- **Task to carry out**
All of the data should be restated word for word, with the pictures omitted.

- - -

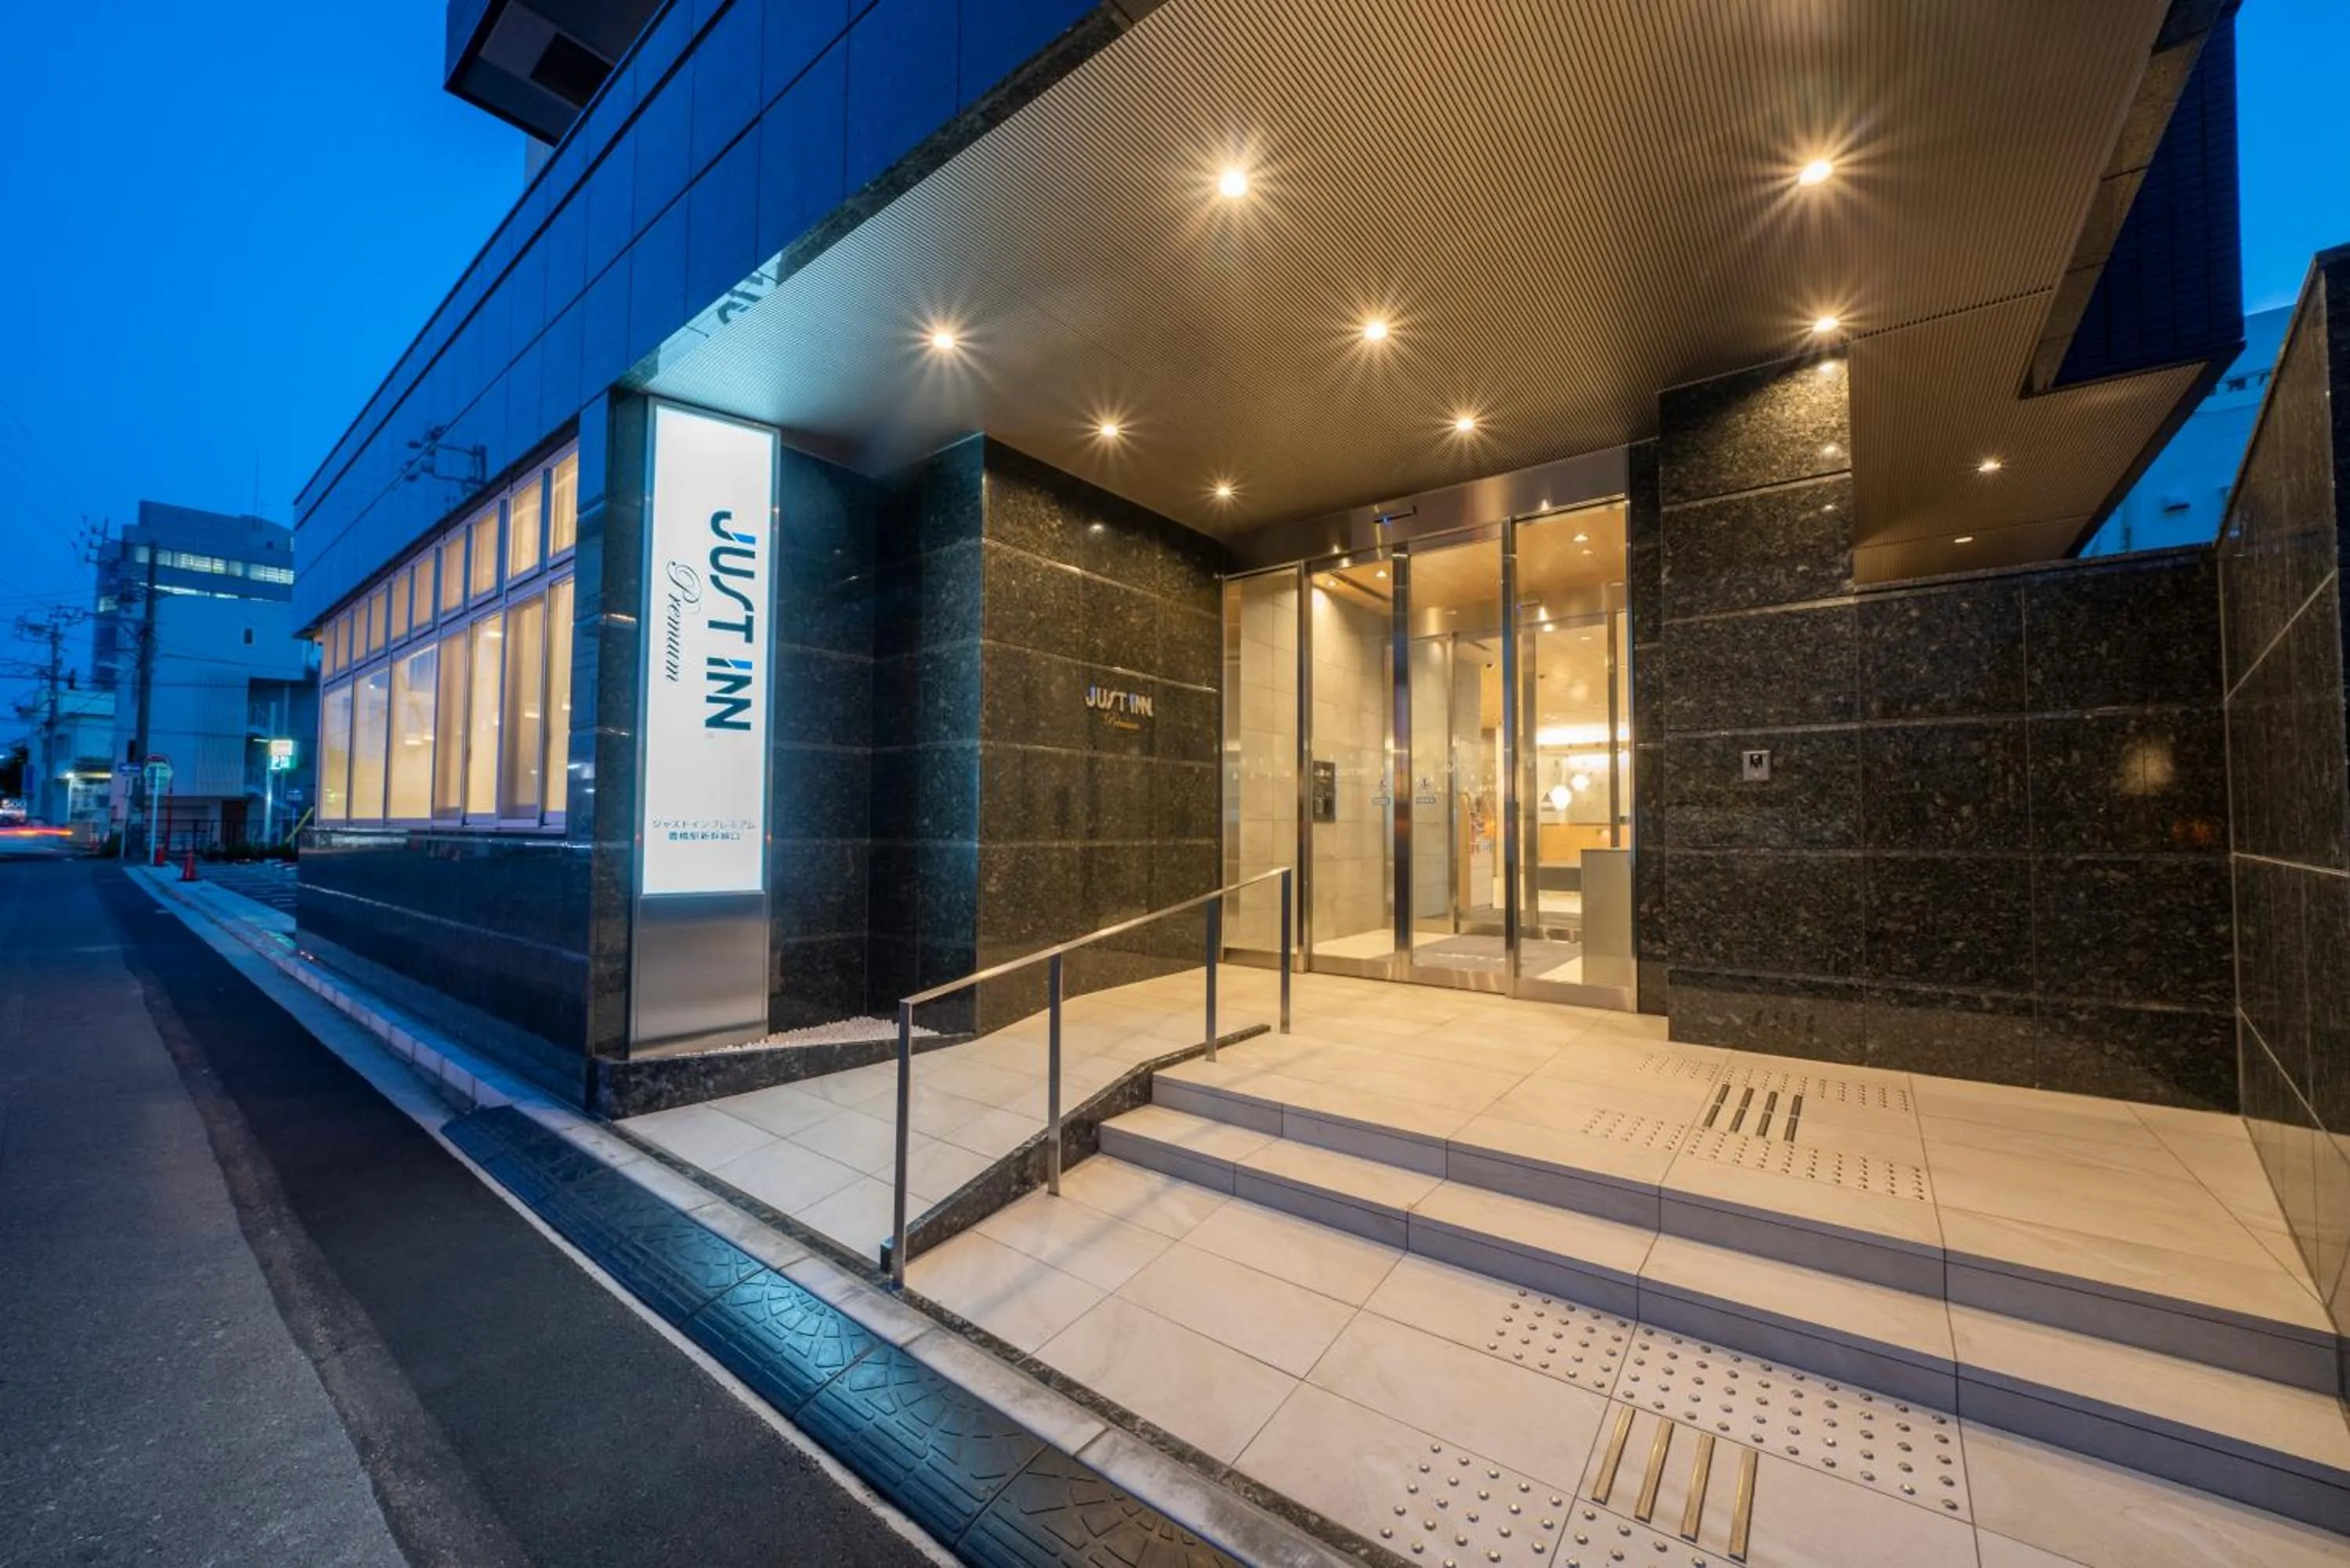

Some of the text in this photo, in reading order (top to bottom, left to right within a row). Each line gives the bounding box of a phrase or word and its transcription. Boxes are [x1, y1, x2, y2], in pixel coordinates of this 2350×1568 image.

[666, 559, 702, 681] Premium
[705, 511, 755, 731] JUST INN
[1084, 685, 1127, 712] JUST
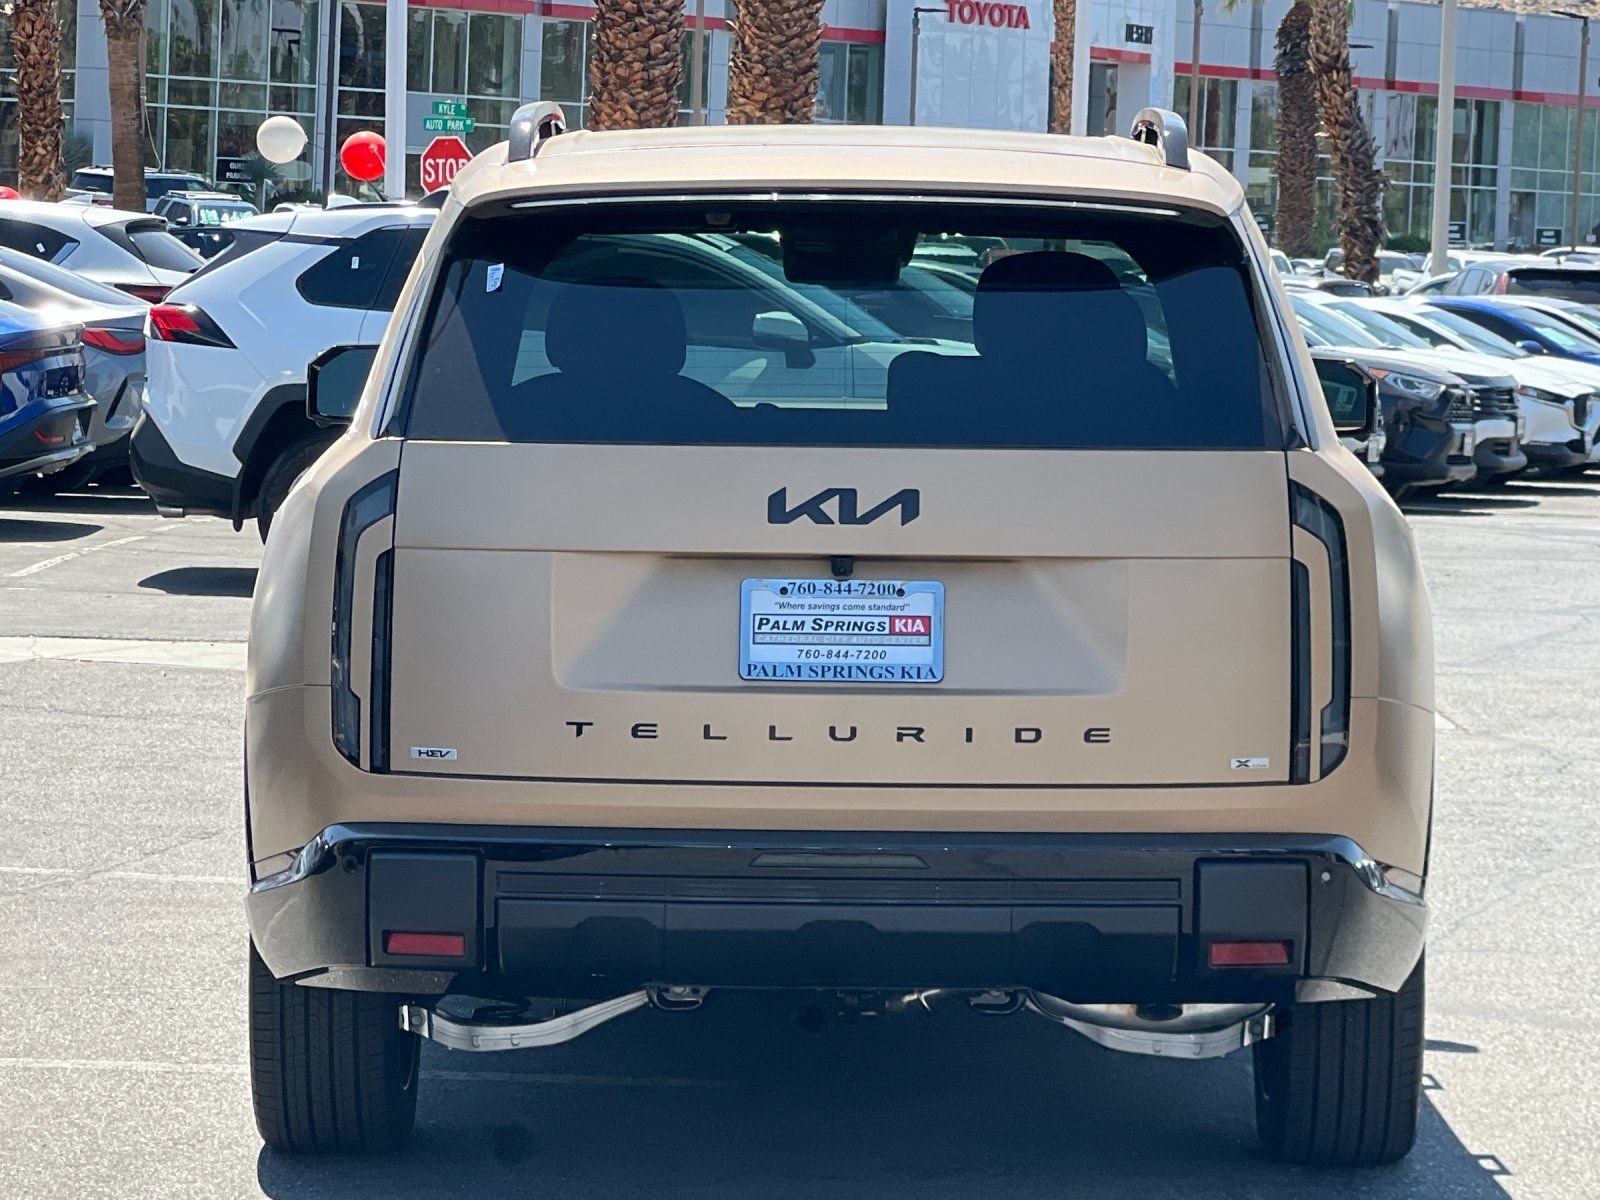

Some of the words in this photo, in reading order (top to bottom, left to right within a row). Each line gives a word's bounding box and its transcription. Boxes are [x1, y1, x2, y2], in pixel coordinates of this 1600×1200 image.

- - -

- **Answer to the exercise**
Some of the text in this photo, in reading order (top to bottom, left to right within a row). Each line gives the bounding box of a phrase or word and its transcription. Boxes are [x1, y1, x2, y2], in pixel coordinates of this 2350×1568 image.

[666, 559, 702, 681] Premium
[705, 511, 755, 731] JUST INN
[1084, 685, 1127, 712] JUST

Some of the words in this photo, in reading order (top to bottom, left to right within a row). Each line gives a word's bounding box and its transcription. Boxes are [x1, y1, x2, y2], in pixel coordinates of this 1600×1200 image.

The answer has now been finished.